▸ **Task details**:
Send back the data below exactly. Drop every picture.

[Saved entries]

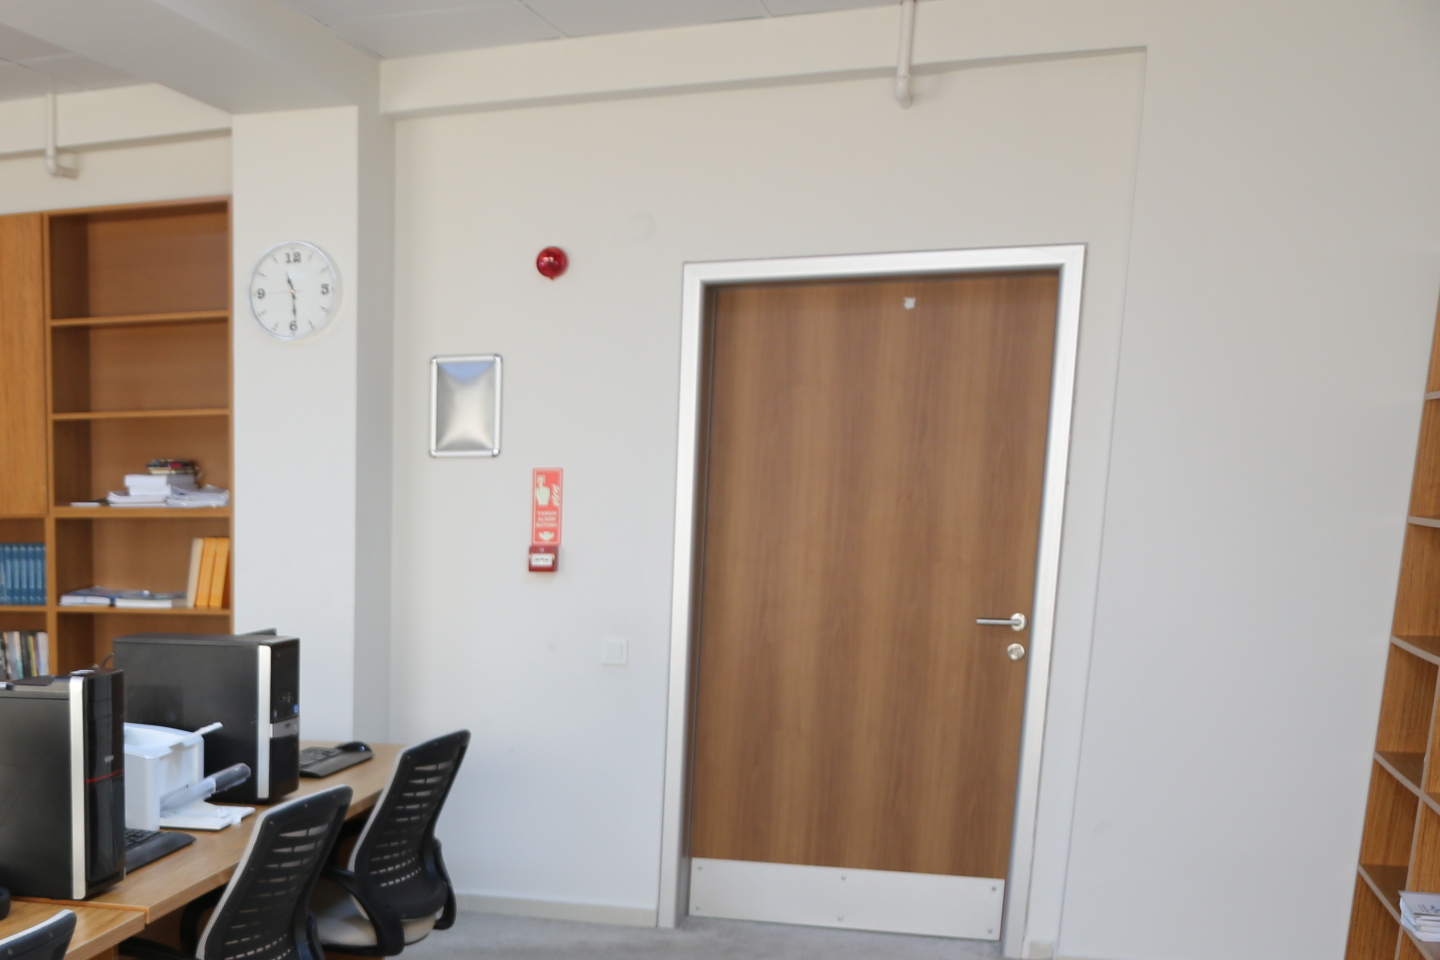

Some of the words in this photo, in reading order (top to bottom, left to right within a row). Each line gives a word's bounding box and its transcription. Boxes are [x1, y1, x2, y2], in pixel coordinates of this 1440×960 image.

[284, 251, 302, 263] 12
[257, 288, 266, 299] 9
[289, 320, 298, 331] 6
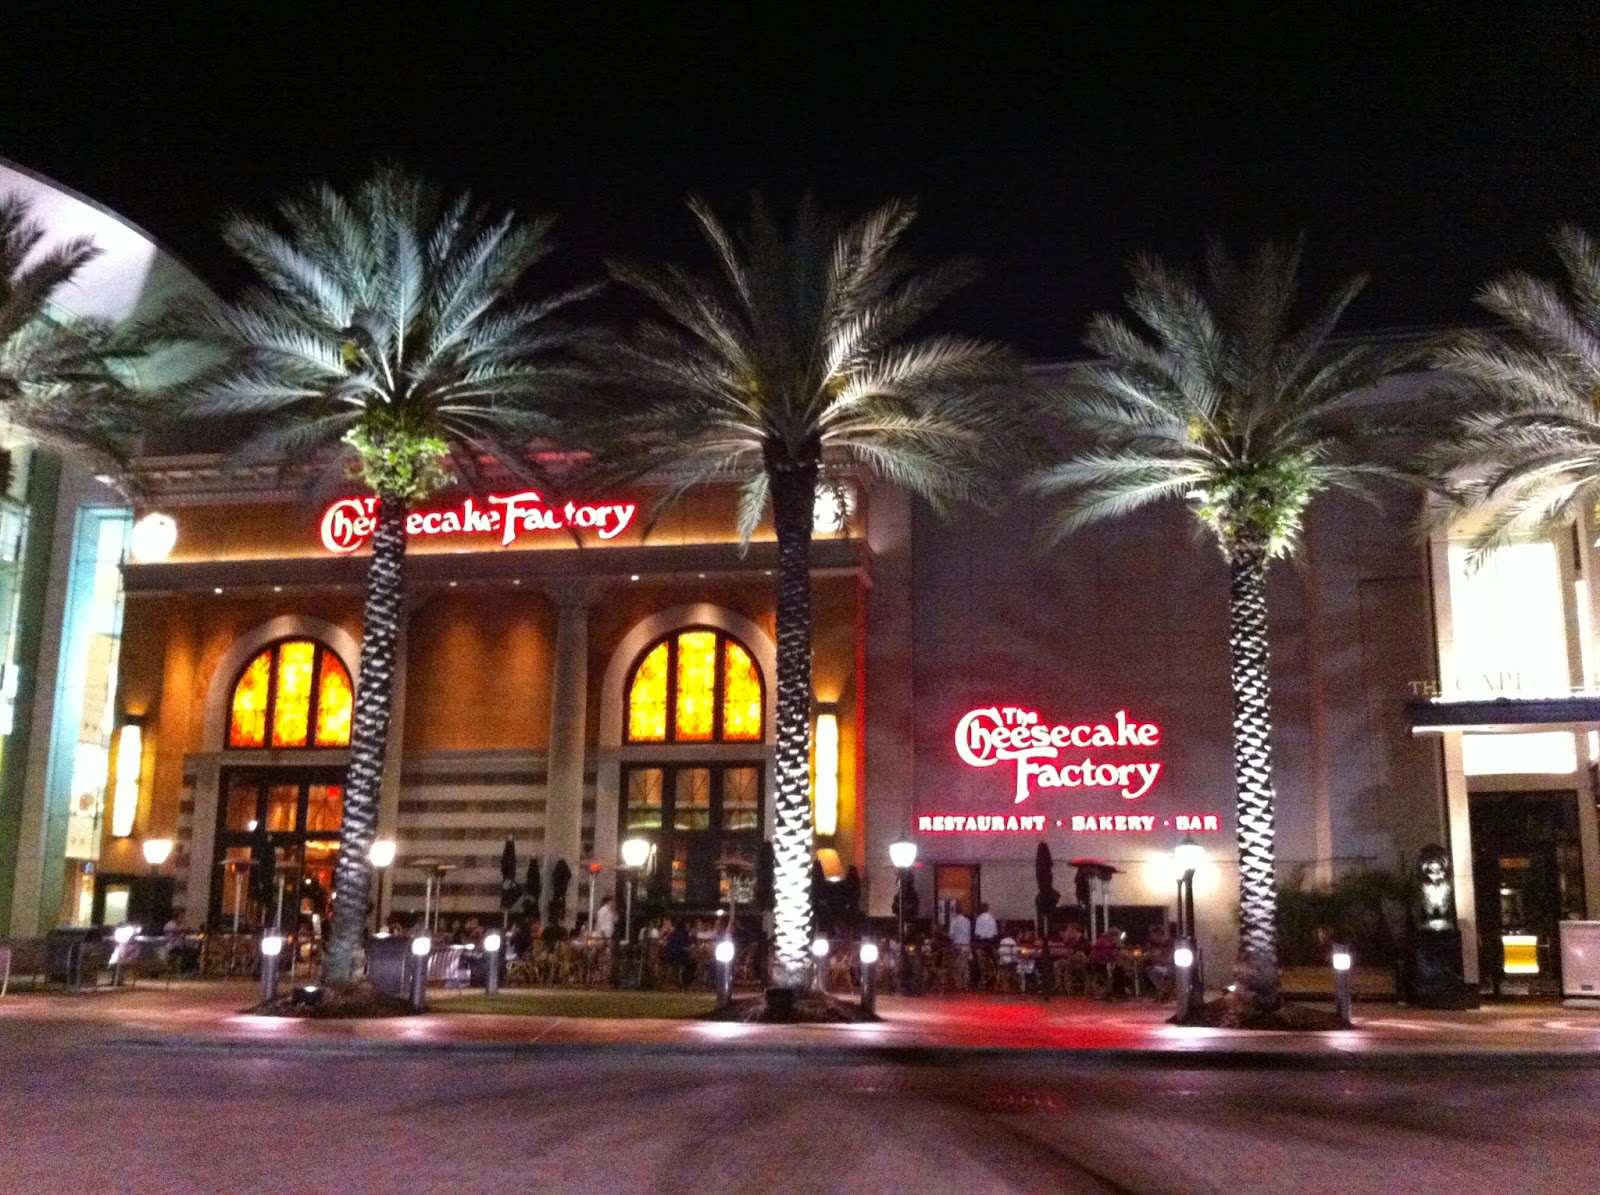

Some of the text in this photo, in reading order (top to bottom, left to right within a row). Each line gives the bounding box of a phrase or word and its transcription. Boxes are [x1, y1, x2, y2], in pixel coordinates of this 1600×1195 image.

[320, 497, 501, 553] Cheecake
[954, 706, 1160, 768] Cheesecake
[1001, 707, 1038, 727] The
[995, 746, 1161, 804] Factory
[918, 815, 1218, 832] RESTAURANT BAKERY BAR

▸ **Written solution**:
Some of the words in this photo, in reading order (top to bottom, left to right within a row). Each line gives a word's bounding box and its transcription. Boxes are [x1, y1, x2, y2], in pixel coordinates of this 1440×960 image.

[284, 251, 302, 263] 12
[257, 288, 266, 299] 9
[289, 320, 298, 331] 6

Some of the text in this photo, in reading order (top to bottom, left to right within a row). Each line gives the bounding box of a phrase or word and its transcription. Boxes are [x1, y1, x2, y2], in pixel coordinates of this 1600×1195 image.

[320, 497, 501, 553] Cheecake
[954, 706, 1160, 768] Cheesecake
[1001, 707, 1038, 727] The
[995, 746, 1161, 804] Factory
[918, 815, 1218, 832] RESTAURANT BAKERY BAR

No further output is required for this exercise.